THE bronze sculpture by Marie Uchytilová, Memorial to the Children Victims of the War, depicting the 82 children of Lidice murdered at Chełmno in 1942, serves as a haunting reminder of the barbarity that defined the Nazi-led Lidice massacre. In reprisal for the assassination of Reinhard Heydrich, the Nazis razed the village of Lidice, executed its men, and deported its women and children to death camps.
The murder of these innocent children, whose faces are forever memorialised in Uchytilová’s sculpture, resonates deeply today, as we witness the suffering of children in Gaza, where the cycle of violence continues unabated. The massacres of these children, then and now, serve as stark symbols of the ongoing tragedy of war and genocide, linking past and present in an unbroken chain of human suffering.

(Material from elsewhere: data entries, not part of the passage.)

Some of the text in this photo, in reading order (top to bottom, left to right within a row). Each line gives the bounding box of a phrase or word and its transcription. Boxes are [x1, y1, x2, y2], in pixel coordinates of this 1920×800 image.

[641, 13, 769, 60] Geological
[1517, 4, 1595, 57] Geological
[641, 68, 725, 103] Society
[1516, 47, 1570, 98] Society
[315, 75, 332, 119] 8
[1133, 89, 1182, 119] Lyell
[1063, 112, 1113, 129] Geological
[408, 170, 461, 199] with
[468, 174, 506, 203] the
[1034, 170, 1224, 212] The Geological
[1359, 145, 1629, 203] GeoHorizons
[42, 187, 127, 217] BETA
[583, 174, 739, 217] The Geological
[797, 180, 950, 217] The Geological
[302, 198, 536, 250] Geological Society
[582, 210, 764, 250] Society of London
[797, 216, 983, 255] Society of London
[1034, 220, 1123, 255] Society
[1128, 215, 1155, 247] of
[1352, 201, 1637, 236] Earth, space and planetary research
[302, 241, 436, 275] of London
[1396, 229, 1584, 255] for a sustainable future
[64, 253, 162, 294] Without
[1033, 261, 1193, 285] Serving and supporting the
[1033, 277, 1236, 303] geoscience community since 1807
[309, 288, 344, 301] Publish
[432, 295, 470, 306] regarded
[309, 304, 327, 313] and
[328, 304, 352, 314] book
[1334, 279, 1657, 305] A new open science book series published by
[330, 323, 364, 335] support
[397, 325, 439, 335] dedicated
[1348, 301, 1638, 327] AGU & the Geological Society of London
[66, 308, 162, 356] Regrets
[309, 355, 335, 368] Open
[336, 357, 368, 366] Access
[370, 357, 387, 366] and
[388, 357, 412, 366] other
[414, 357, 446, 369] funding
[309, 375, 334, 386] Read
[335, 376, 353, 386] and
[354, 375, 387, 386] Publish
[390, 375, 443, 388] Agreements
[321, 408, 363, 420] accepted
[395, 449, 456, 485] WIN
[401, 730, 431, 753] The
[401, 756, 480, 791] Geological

In Gaza, the atrocities visited upon children are unspeakable, a violence that staggers the imagination. Omer Bartov, a distinguished scholar of Holocaust and Genocide studies, reports in The New York Times that more than 17,000 children have been slaughtered in Gaza, 870 of them infants, not yet one year old. He further reveals that Gaza now has the highest rate of child amputations per capita in the world. These chilling figures unravel the brutal truths of modern warfare, a sickening continuation of the horrors we dared to believe had been consigned to history’s darkest pages, alongside Auschwitz and Hiroshima.

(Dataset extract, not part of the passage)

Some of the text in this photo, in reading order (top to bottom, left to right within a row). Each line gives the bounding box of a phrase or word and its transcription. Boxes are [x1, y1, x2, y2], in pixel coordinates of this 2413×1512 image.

But the genocide in Gaza, like the slaughter at Lidice, cannot be hidden. It stands as an undeniable, grotesque monument to the unchecked power of the state and the monstrous machinery of war. This tragedy is different from past atrocities in one disturbing respect: the suffering of Gaza’s women and children, the use of starvation as a weapon, the unrelenting bombardment, and the spectacle of mass murder are laid bare for all to see. The grotesque violence is not concealed, it is flaunted, glorified in the guttering language of demagogues and amplified by the shameful silence of the mainstream media. In addition, as a testament to the grotesque violence of gangster capitalism, entire villages are being bulldozed in the interest of appealing to private investors who can turn Gaza, in the words of president Trump, into a ‘riviera of the Middle East.’
Jonathan Cook observes that ‘a cabal of Israeli investors, one of the world’s top business consulting groups and a think-tank headed by former British prime minister Tony Blair had been secretly working on plans to exploit the ruins of Gaza as prime real estate.’ According to the Financial Times, the secret consortium was actively exploring ways to realize Donald Trump’s vision of transforming Gaza into a high-end investment hub and luxury destination — an enclave remade for the wealthy — once its Palestinian population had been forcibly removed. The plan exposes a chilling logic: to turn the site of mass suffering into a profitable venture by erasing its people, commodifying their dispossession, and masking genocide behind the language of development.
The collapse of conscience is not a distant abstraction but a visceral reality, carved into the bloodstained bodies of women and children, their lives and futures obliterated by the ruthless forces of war. It is etched into the hands of those who perpetuate this unbearable violence against a defenseless yet resilient people. This erosion of humanity is also made explicit in the chilling words of Israeli politicians. Take, for instance, former Knesset member Moshe Feiglin, who pushed this rhetoric to unspeakable extremes in a 2025 interview on Israeli Channel 14. He declared, ‘Every child, every baby in Gaza is an enemy. The enemy is not Hamas, nor is it the military wing of Hamas … We need to conquer Gaza and colonise it and not leave a single Gazan child there. There is no other victory.’ Feigin’s words lay bare a harrowing truth: this is no longer a war, but a calculated and dehumanising military campaign, a ruthless genocidal war,Ìý aimed at erasing not only the most vulnerable — Palestinian children — but an entire people from existence.’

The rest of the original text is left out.